= Beginning of Section =

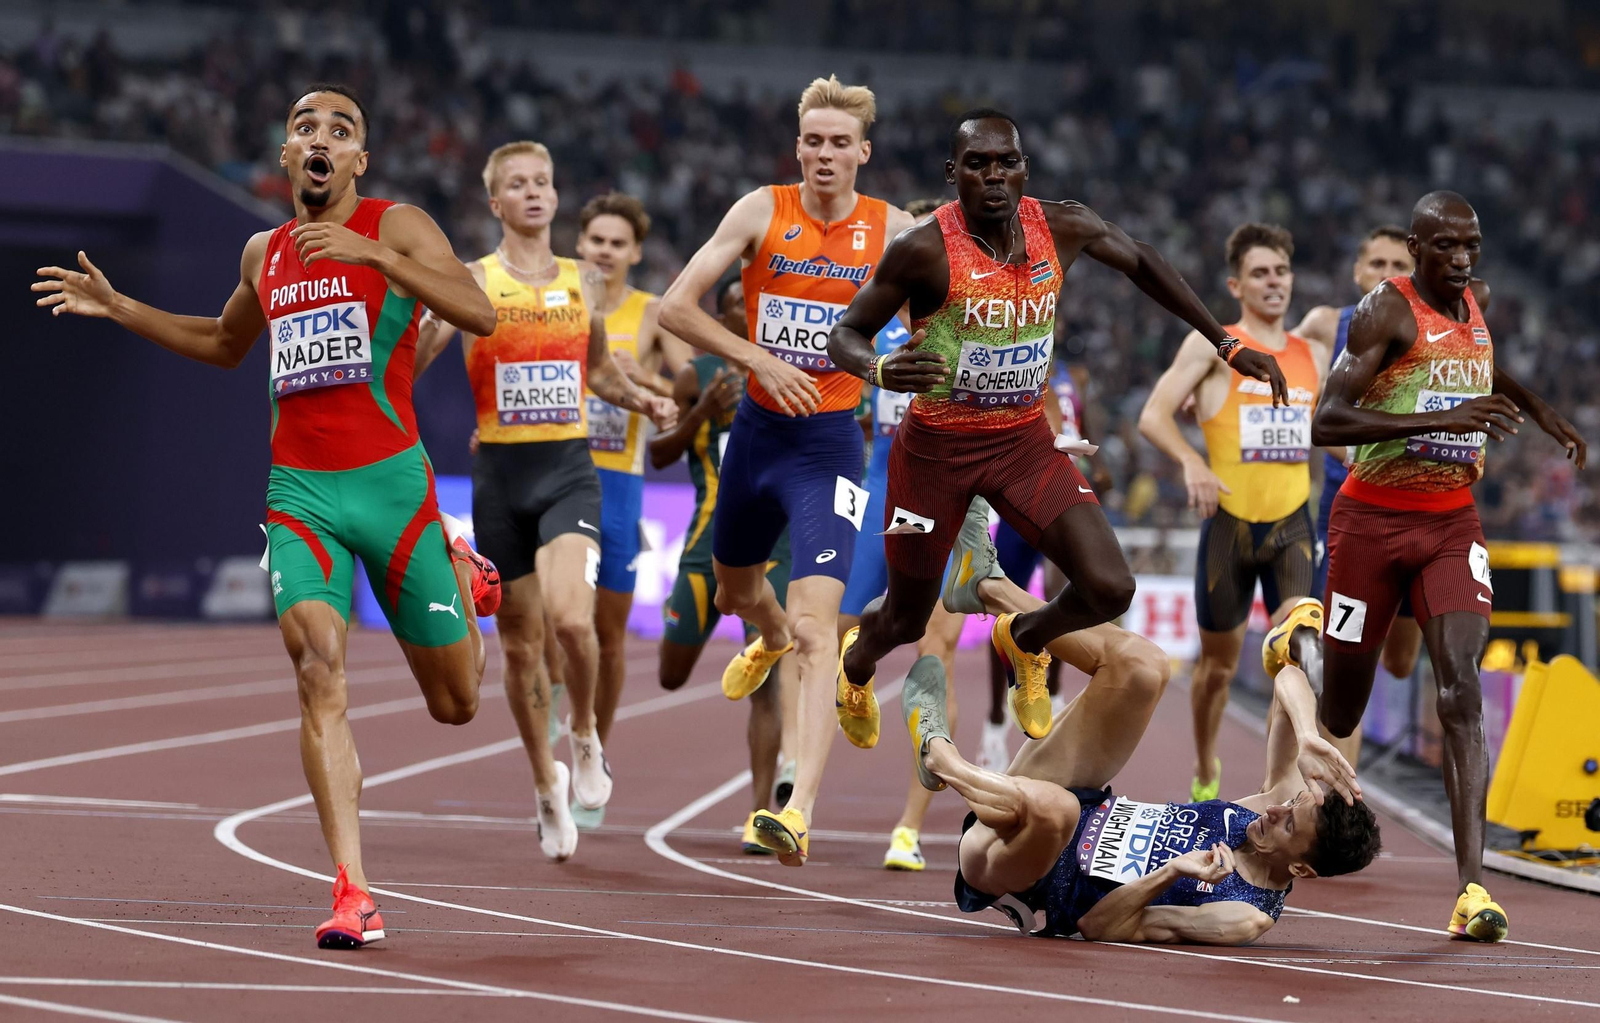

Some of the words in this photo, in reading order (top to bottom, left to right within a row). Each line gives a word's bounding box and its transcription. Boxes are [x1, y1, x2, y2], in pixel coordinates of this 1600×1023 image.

[768, 254, 869, 281] Nederland
[270, 276, 353, 310] PORTUGAL
[292, 307, 358, 338] TDK
[496, 306, 582, 325] GERMANY
[785, 301, 849, 326] TDK
[964, 291, 1056, 328] KENYA
[762, 323, 829, 351] LARO
[277, 336, 363, 373] NADER
[992, 338, 1049, 367] TDK
[292, 370, 344, 386] TOKYO
[348, 369, 367, 379] 25
[521, 364, 575, 382] TDK
[959, 370, 971, 388] R.
[976, 361, 1047, 390] CHERUIYOT
[1428, 359, 1491, 387] KENYA
[503, 387, 577, 407] FARKEN
[979, 393, 1032, 404] TOKYO
[520, 411, 567, 420] TOKYO
[1264, 407, 1308, 424] TDK
[1262, 429, 1303, 446] BEN
[1431, 446, 1478, 460] TOKYO
[847, 488, 856, 517] 3
[1335, 602, 1355, 632] 7
[1082, 811, 1105, 850] TOKYO
[1092, 803, 1138, 875] WIGHTMAN
[1160, 809, 1199, 863] GREA
[1121, 820, 1158, 877] TDK

= End of Section =

- Your assignment:
A verbatim copy of the material, pictures excluded, is what must be produced.

- Answer space:
Some of the words in this photo, in reading order (top to bottom, left to right within a row). Each line gives a word's bounding box and its transcription. Boxes are [x1, y1, x2, y2], in pixel coordinates of this 1600×1023 image.

[768, 254, 869, 281] Nederland
[270, 276, 353, 310] PORTUGAL
[292, 307, 358, 338] TDK
[496, 306, 582, 325] GERMANY
[785, 301, 849, 326] TDK
[964, 291, 1056, 328] KENYA
[762, 323, 829, 351] LARO
[277, 336, 363, 373] NADER
[992, 338, 1049, 367] TDK
[292, 370, 344, 386] TOKYO
[348, 369, 367, 379] 25
[521, 364, 575, 382] TDK
[959, 370, 971, 388] R.
[976, 361, 1047, 390] CHERUIYOT
[1428, 359, 1491, 387] KENYA
[503, 387, 577, 407] FARKEN
[979, 393, 1032, 404] TOKYO
[520, 411, 567, 420] TOKYO
[1264, 407, 1308, 424] TDK
[1262, 429, 1303, 446] BEN
[1431, 446, 1478, 460] TOKYO
[847, 488, 856, 517] 3
[1335, 602, 1355, 632] 7
[1082, 811, 1105, 850] TOKYO
[1092, 803, 1138, 875] WIGHTMAN
[1160, 809, 1199, 863] GREA
[1121, 820, 1158, 877] TDK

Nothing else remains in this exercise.